Manuel Oliveira de Sousa renovou as críticas à “opção política” da Câmara de avançar com a cave “contra a maior parte dos aveirenses” e “sem ajudar ao desenvolvimento, antes pelo contrário”, uma vez que não atenderá as necessidades locais.

“Não vemos tantos milhões no que falamos desde 2017, e que se vem arrastando, como a requalificação das zonas industriais, que agora poderia ser o fator de atratividade que fala”, exemplificou o vereador, lamentando o “desvio de oportunidades políticas para executar os fundos todos e ficar com muito dinheiro, mas que não ajuda as pessoas no seu desenvolvimento e compromete o futuro dos aveirenses”.

Ribau Esteves continua a garantir que, “pelo que vai ouvindo, na relação direta” com os aveirenses, a “representatividade” das opiniões favoráveis à cave de estacionamento “é muito superior” a quem contesta.

Discurso direto

“A pandemia diz-nos o contrário do que se faz: é preciso alertar para a saúde pública, a concentração de pessoas e a sustentabilidade das cidades e não introduzir estes factores.
Não somos a favor ao parque subterrâneo, muito menos agora. O subterrâneo não é necessário para nada na requalificação, esses trabalhos até deviam já estar feitos. São elementos que parecem colocados à martelada para convencer a ter a cave.
Sobre o financiamento, o que vemos é fazer como uma visão de pirata: há dinheiro fazemos, não há não fazemos, não resolvemos de outra forma, aguardamos outro quadro comunitário.
Nós precisamos de uma visão para o município e da obra em consonância, ir buscar financiamento e não ao sabor das comparticipações que vão aparecendo.
Teima em encontrar financiamento para a cave, custe o que custar.

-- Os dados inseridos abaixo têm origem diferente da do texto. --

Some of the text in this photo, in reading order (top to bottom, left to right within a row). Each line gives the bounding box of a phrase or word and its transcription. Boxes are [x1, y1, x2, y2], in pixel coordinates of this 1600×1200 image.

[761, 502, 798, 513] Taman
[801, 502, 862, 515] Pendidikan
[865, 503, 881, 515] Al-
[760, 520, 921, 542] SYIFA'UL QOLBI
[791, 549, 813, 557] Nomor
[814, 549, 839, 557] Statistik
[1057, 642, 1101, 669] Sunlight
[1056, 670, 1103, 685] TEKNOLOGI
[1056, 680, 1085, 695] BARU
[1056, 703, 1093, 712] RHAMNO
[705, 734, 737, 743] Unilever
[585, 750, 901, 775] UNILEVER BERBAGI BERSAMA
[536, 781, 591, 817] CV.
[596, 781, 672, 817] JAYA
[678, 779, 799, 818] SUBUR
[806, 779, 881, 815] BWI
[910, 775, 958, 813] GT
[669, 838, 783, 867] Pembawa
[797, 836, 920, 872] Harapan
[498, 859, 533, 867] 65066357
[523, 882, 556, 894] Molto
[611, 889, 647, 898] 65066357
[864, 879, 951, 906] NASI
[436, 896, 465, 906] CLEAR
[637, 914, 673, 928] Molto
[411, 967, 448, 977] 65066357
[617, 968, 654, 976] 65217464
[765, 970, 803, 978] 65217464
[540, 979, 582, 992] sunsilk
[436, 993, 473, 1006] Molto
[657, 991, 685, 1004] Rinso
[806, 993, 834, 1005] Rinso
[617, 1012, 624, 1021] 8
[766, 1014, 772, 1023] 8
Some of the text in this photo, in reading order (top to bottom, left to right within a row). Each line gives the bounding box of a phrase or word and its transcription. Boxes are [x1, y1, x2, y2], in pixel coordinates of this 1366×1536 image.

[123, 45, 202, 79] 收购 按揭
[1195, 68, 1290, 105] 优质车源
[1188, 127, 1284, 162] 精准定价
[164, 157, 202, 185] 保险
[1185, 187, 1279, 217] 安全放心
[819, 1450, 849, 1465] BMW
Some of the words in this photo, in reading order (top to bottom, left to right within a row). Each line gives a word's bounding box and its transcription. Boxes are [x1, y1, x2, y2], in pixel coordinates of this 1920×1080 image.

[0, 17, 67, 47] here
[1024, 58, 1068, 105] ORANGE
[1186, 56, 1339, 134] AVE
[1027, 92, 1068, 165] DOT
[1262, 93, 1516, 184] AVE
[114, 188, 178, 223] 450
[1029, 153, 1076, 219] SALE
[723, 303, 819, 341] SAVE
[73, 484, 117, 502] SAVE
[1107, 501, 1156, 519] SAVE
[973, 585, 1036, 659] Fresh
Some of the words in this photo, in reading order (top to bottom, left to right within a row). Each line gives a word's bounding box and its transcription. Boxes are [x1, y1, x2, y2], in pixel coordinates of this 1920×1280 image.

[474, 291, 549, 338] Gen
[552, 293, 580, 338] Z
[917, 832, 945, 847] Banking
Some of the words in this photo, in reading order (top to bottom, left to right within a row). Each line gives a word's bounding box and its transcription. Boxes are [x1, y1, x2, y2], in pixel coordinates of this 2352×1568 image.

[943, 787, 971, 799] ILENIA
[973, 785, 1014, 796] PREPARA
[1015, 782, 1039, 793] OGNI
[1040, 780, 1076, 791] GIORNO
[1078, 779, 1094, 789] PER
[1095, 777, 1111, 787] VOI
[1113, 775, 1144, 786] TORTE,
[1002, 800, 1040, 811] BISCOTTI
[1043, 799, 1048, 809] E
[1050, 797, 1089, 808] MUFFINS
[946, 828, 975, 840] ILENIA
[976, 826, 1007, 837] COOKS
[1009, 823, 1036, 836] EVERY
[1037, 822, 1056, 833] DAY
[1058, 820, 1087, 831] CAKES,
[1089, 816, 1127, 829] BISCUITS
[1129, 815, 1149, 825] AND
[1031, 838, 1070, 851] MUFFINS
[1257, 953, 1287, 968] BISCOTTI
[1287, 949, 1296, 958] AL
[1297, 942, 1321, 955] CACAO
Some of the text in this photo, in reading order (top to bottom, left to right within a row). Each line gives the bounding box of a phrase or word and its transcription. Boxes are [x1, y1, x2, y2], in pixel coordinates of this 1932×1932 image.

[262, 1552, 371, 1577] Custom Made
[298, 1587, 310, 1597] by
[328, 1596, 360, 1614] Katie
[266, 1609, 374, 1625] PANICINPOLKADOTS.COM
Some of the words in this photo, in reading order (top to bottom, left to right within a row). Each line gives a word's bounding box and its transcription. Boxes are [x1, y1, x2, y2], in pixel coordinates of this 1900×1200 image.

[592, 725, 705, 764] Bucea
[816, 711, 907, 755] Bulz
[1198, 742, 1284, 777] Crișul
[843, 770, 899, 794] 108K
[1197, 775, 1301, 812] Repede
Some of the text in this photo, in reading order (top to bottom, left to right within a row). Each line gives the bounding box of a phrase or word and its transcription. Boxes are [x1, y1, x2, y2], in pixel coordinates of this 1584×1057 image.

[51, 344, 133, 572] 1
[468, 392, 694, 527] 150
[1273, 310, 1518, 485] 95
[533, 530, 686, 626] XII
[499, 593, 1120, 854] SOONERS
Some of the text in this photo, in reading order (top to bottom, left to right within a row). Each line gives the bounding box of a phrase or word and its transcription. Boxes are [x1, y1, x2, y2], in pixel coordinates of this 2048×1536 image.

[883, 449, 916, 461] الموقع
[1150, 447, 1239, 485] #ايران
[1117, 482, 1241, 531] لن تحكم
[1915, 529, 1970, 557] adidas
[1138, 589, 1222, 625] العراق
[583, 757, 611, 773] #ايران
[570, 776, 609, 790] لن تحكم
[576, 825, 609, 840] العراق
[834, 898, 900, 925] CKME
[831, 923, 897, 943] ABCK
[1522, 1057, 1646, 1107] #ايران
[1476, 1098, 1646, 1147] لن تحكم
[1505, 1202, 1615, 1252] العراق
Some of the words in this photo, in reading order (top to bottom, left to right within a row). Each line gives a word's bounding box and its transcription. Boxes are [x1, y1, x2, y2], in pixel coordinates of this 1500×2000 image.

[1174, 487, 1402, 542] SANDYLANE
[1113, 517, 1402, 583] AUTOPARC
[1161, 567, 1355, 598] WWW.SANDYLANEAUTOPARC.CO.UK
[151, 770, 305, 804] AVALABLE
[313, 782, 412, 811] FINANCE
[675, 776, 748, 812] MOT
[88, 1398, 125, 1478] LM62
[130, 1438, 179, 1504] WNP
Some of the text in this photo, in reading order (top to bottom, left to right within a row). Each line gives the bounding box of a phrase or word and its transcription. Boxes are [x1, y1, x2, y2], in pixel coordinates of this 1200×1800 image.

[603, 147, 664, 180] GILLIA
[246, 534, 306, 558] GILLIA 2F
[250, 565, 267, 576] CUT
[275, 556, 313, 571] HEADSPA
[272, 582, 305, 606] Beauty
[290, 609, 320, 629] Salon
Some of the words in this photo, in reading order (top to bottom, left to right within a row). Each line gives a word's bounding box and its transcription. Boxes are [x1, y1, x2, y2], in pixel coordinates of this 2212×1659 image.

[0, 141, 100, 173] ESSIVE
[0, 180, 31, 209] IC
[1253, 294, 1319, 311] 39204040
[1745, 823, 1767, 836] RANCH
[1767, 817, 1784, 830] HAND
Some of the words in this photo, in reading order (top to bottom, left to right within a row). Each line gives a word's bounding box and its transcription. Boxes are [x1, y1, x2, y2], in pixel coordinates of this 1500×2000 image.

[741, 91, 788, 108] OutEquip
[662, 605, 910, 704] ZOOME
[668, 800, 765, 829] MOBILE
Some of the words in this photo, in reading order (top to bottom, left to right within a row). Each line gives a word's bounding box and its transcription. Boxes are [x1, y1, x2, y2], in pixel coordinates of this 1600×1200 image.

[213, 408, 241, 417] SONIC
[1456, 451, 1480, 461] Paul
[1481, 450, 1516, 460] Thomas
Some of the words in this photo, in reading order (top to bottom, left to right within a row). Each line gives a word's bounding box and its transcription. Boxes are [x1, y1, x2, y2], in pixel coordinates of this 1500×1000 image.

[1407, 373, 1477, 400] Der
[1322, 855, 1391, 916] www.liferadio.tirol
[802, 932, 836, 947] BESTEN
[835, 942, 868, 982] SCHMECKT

Alertamos para não cavar ali o buraco que arrasta dificuldades em ter uma cidade sustentável.
Parece mais colar aqui propaganda com outros projetos, não seria necessário, estão a desenvolver-se. Não é nada de novo” – Manuel Oliveira de Sousa (vereador do PS).

“Como é possível passado um ano do projeto estrutural, concluir que a cave deve passar a ter uma parede de 9 metros para 14 ? O que aconteceu para o projetista a fazer a revisão ? O concurso aumenta 19, 6%.
O potencial concorrente tem no estudo económico uma almofada de segurança. Um euro à hora em 2024, há um disparo da receita, a margem do negócio vai subir.
Com 11,7 milhões de euros na construção, se mantiver 2,5 milhões de euros a pagar pelo concessionário, mais a renda durante 35 anos e 1,5 milhões de apoio do PEDUCA, isto vai obrigar a Câmara gastar 6,9 milhões de euros para 200 lugares.
Há um disparo da receita, a margem do negócio vai subir. Por 3,340 milhões de euros a 40 anos, o concessionário fica com um ativo capaz de gerar um potencial de receita significativa. Vai dar margens muito superiores a 60 % do valor investido. É um negócio da China.
O projetista fez um mau trabalho e passados seis meses foi preciso reformular. Até correu bem não ser admitida a proposta que ficou de fora, a Câmara estaria metida numa carga de trabalhos” – João Sousa (vereador do PS).

“Pirata é uma imagem excessiva. Faz parte do jogo ter a tática correta para ir às gavetas que têm dinheiro. Temos espaço de progressão na operação PEDUCA para chegar a mais fundos europeus, entre 5 a 7 milhões de euros na estrutura dos 25 milhões de investimento.
Temos um puzzle de muitas outras peças com relação ao projeto Rossio.
Instrumentalização da pandemia ? Todos os argumentos chegam para tomar a decisão, infelizmente temos mais esta circunstância a combater. Não era preciso, mas é preciso injetar dinheiro na economia, temos de dar o exemplo.
O projeto da cave apresenta mais segurança com uma solução desta natureza, ouvimos os técnicos.
O estudo de viabilidade económica foi feito num quadro de ocupação alta. O Covid baixou as taxas, existem perdas. Se tudo correr bem, o estacionamento não andará longe dos 60% de margem. Mas vai ser assim?”
Ribau Esteves (presidente da Câmara).